Amitesh Sridharan<sup>1</sup>, Fan Zhang<sup>1</sup>, Jae-sun Seo<sup>2</sup>, Deliang Fan<sup>1</sup> <sup>1</sup>Johns Hopkins University, Baltimore, MD.

<sup>2</sup>Cornell Tech, New York, NY.

Deep neural networks (DNNs) have experienced unprecedented success in a variety of cognitive tasks due to which there has been a move to deploy DNNs in edge devices. DNNs are usually comprised of multiply-and-accumulate (MAC) operations and are both data and compute intensive. In-memory computing (IMC) methodologies have shown significant energy efficiency and throughput benefits for DNN workloads by reducing data movement and eliminating memory reads. Weight pruning in DNNs can further improve the energy/throughput of DNN hardware through reduced storage and compute. Recent IMC works [1-3,6] have not explored such sparse compression techniques unlike ASIC counterparts to enable storage benefits and compute skipping. A recent work [4] attempted to exploit this by compressing weights using a binary map and a custom compression format. This is sub-optimal because the implementation requires a complex routing mechanism (butterfly routing), additional compute to decode compressed weights and has limited flexibility in supporting different sparse encodings. Fig. 1 illustrates our motivations and the challenges for implementing weight compression in digital IMC designs and the need for a new methodology to enable sparse compute directly on compressed weights. In this work, we present a novel sparsity-integrated IMC (SP-IMC) macro in 28nm CMOS which, for the first time, utilizes three popular sparse compression formats, i.e., coordinate representation (COO), run length encoding (RL) and N:M sparsity [7] all along the matrix column direction with tunable precisions. SP-IMC stores and directly processes the sparse compressed weights in the macro, achieving higher storage density, reduction in re-write operations to the macro and higher overall energy efficiency.

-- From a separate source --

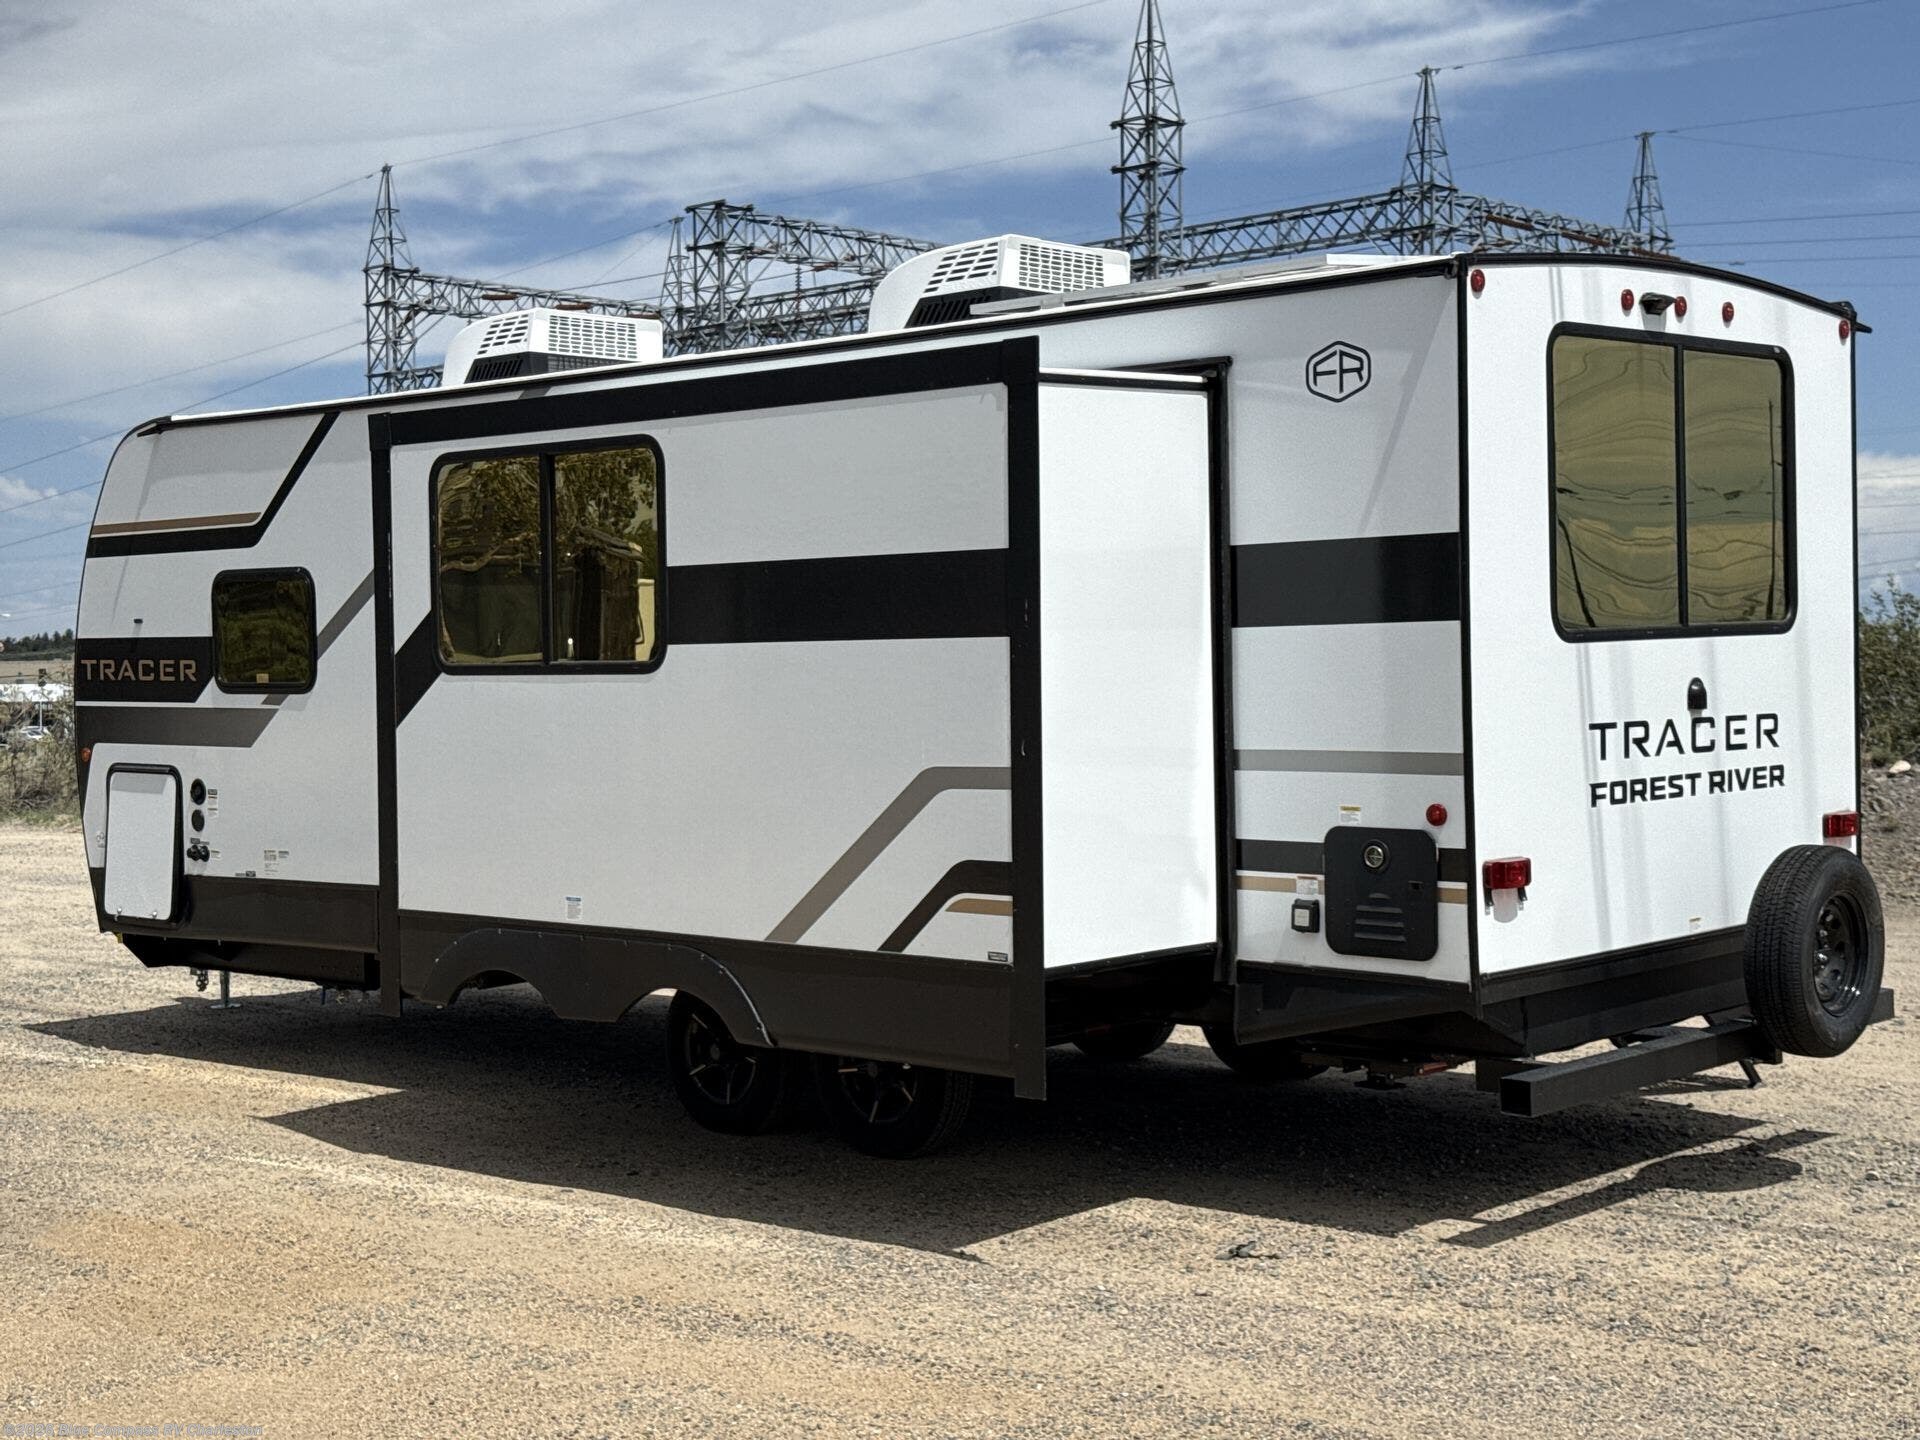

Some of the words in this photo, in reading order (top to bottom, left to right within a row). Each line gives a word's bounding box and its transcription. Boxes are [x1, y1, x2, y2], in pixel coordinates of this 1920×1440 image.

[80, 658, 198, 682] TRACER
[1588, 712, 1780, 761] TRACER
[1588, 771, 1702, 808] FOREST
[1707, 763, 1786, 795] RIVER

Fig. 2 shows the proposed SP-IMC macro which comprises of 64x128 bit-cells. The IMC macro consists of 16 column groups (CG), where each CG consists of 32 row groups (RG) and one accumulation logic (AL) block. Each RG has 16 bit-cells split into two 8b-rows by a multiply decode and compare (MDC) block. The two 8b-rows have four bits of 10T bit-cells for weight storage and another four bits of traditional 6T bit-cells to store the indices for decoding the compressed weights. The 10T bit-cell has four additional transistors T1-T4, besides the 6T. The transistor pairs "T1, T2" and "T3, T4" each perform AND operations in parallel with the streamed-in input activation (IA) and the stored weight to reduce the IA bottleneck in previous designs [1-6] which rely on a purely bit-serial approach to support large IA precision. Thus, each 10T bit-cell performs a 1b-W:2b-IA multiplication and the four 10T bit-cells at the top and bottom collectively perform two 4b-IA:2b-W partial multiplications. These partial-multiply outs serve as inputs to the MDC block which has shift accumulators/partial multipliers to complete the 4b2b multiplications. The 4b indices at the top and bottom of the MDC block serve as the input to the RL/COO decode block which calculates the RLC indices based on the index from the previous column or directly pass the indices from the bit-cell to the comparator blocks. Now the comparators compare it with indices generated either by a local counter or the spillover counter. If the comparison is successful, the partial products (PP) are sent to the adder tree and then to a shift accumulator to complete MACs. The adder trees are split into two 32-input trees, and the outputs of adder trees are shift-accumulated. The accumulator precision is chosen by the weight precision control (WPC) signal between 14b (for 8b-W) and 11b (for 4-b-W). Finally, a spillover accumulator is present to support edge cases of compressed weights, e.g. uneven sparsity across matrix columns.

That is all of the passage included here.